Pilihan-pilihan kata baobala memesona, bak memilih dan memilin diksi pada sebait puisi. Jika pengantar atau oret oleh seorang pemimpin, maka pasangan-pasangan baobala sudah harus menyambung oret tersebut dengan larik-larik bermakna simbolis atau setidaknya larik-larik itu harus mengusung tema pada oret tersebut. Keindahan bahasa sastra itu menambat batin semua yang hadir. Baobala bak kecapi batin, dentingmu membahana hingga setiap orang yang mendengarnya akan menulis dalam sanubarinya, bahwa baobala nanyian hati kan tetap terwaris.

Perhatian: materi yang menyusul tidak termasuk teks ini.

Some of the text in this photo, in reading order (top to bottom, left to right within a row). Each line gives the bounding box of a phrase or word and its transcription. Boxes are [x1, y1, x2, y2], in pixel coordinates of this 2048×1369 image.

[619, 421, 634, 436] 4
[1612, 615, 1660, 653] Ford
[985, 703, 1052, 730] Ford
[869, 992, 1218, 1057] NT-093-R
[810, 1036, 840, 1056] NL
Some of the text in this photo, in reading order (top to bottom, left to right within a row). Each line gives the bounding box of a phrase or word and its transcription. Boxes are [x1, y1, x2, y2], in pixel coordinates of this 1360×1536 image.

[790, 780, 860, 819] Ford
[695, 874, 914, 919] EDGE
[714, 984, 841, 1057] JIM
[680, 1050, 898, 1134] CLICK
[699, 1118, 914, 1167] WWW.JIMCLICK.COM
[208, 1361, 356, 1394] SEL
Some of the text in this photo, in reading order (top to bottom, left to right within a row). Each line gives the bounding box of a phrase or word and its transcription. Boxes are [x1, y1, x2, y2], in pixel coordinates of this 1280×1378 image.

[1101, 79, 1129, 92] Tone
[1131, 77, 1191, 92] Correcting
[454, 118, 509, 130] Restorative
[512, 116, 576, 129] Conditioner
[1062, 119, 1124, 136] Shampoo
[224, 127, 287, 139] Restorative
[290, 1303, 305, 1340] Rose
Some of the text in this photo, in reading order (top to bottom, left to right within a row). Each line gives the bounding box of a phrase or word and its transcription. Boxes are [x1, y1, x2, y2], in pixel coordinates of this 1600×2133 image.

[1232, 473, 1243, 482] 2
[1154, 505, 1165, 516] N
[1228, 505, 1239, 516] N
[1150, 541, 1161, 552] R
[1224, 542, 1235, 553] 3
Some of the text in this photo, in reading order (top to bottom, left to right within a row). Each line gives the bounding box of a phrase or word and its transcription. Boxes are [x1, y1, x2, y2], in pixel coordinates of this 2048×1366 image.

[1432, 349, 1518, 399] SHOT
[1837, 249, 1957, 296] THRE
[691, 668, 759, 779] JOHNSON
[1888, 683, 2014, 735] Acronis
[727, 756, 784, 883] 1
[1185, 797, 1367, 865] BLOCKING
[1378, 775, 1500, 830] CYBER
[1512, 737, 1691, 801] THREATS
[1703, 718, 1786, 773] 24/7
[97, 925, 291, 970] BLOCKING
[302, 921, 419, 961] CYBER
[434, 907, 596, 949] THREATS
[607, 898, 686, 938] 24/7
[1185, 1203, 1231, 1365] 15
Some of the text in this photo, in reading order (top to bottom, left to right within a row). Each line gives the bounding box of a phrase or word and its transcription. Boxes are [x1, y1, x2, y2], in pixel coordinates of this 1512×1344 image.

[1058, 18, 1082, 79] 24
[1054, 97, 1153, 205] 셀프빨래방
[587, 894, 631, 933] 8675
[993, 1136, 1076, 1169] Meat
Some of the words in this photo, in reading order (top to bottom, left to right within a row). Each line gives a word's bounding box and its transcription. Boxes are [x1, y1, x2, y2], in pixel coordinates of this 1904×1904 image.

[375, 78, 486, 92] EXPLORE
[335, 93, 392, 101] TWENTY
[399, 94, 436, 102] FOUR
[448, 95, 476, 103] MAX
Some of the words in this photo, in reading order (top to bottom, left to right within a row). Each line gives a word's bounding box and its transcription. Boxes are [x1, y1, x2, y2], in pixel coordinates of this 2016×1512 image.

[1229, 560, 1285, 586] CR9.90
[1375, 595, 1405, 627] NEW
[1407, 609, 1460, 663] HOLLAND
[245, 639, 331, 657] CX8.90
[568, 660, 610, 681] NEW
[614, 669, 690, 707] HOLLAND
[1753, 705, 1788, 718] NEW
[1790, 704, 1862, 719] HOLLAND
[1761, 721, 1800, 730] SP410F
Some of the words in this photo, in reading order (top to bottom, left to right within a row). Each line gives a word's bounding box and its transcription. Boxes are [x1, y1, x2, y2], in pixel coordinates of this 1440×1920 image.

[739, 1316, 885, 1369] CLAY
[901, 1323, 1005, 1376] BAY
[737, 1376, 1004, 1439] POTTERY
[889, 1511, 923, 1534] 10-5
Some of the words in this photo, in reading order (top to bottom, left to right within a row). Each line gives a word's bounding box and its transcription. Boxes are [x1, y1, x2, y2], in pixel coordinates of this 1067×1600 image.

Beberapa larik dengan empat kata per baris namun merupakan kata-kata pilihan, sehingga walaupun dinyanyikan hanya saat pesta panen, namun tetap menyiratkan makna bagi kehidupan.

Pati tadan ladur habun.

Godo rongon ripa ira,

Sile ira dira lima.

Lamen hai wain blaan,

Bati rani poto plikut.

Doler luat doler waun

 

Pada baris pertama untaian larik di atas Pati tadan ladur habun, secara harfiah bermakna memotong sebuah pohon yang bernama ladur untuk memberi tanda, namun pada pohon tersebut tumbuh dahan yang masih muda. Larik ini biasanya dilagukan kaum remaja. Kaum remaja yang sedang bersimpati satu terhadap yang lain. Rasa simpati itu kemudian diungkapan dengan caranya masing-masing, semisal memberi salam atau pun dengan cara lainnya.Dengan menyampaikan rasa hati seperti itu, pratanda mereka saling bersimpati atau mencintai satu terhadap lainnya.

 

Godo rongon ripa ira,merangkan di celah-celah rerumputan, Ira, sejenis rumput ilalang dengan kedua sisi daun yang tajam. Dapat pula dimaknai sebagai anjuran untuk berhati-hati, selalu waspada dalam melakukan sesuatu, apalagi jika seeseorang dalam situasi yang sangat mengancam keselamatannya. Larik itu kemudian dilanjutkan dengan, sile ira dira lima, yang bermakna jika tidak waspada akan tangan ataupun badan akan tersayat daun yang tajam tersebut.

Lamen hai wain blaan, Bati rani poto plikut. Secara harfia bermakna siapakah remaja putra yang bernyali, memotong bambu untuk dijadikan tangga pada pohon lontar agar dapat menyadap nira. Lebih bermakna siapa lelaki ( muda ) yang rajin dan bernyali, akan sanggup menggapi cita atau keberhasilan. Ibarat seorang penyadap nira pohon lontar, akan mendapatkan nira tetapi ia harus memanjat dengan menggunakan tangga dari bambu yang ditambatkan setinggi pohon lontar.

Dan masih banyak lagi larik-larik padat makna dari baobala.

 

Diksi baobala, tidak sekedar puitis dan bermakna simbolis, tetapi mengajarkan tentang kehidupan. Memberikan nasehat sebagai suluh hidup di negeri warisan leluhur. Setidaknya, mewariskan petuah leluhur bagi anak cucu dalam menata kehidupan.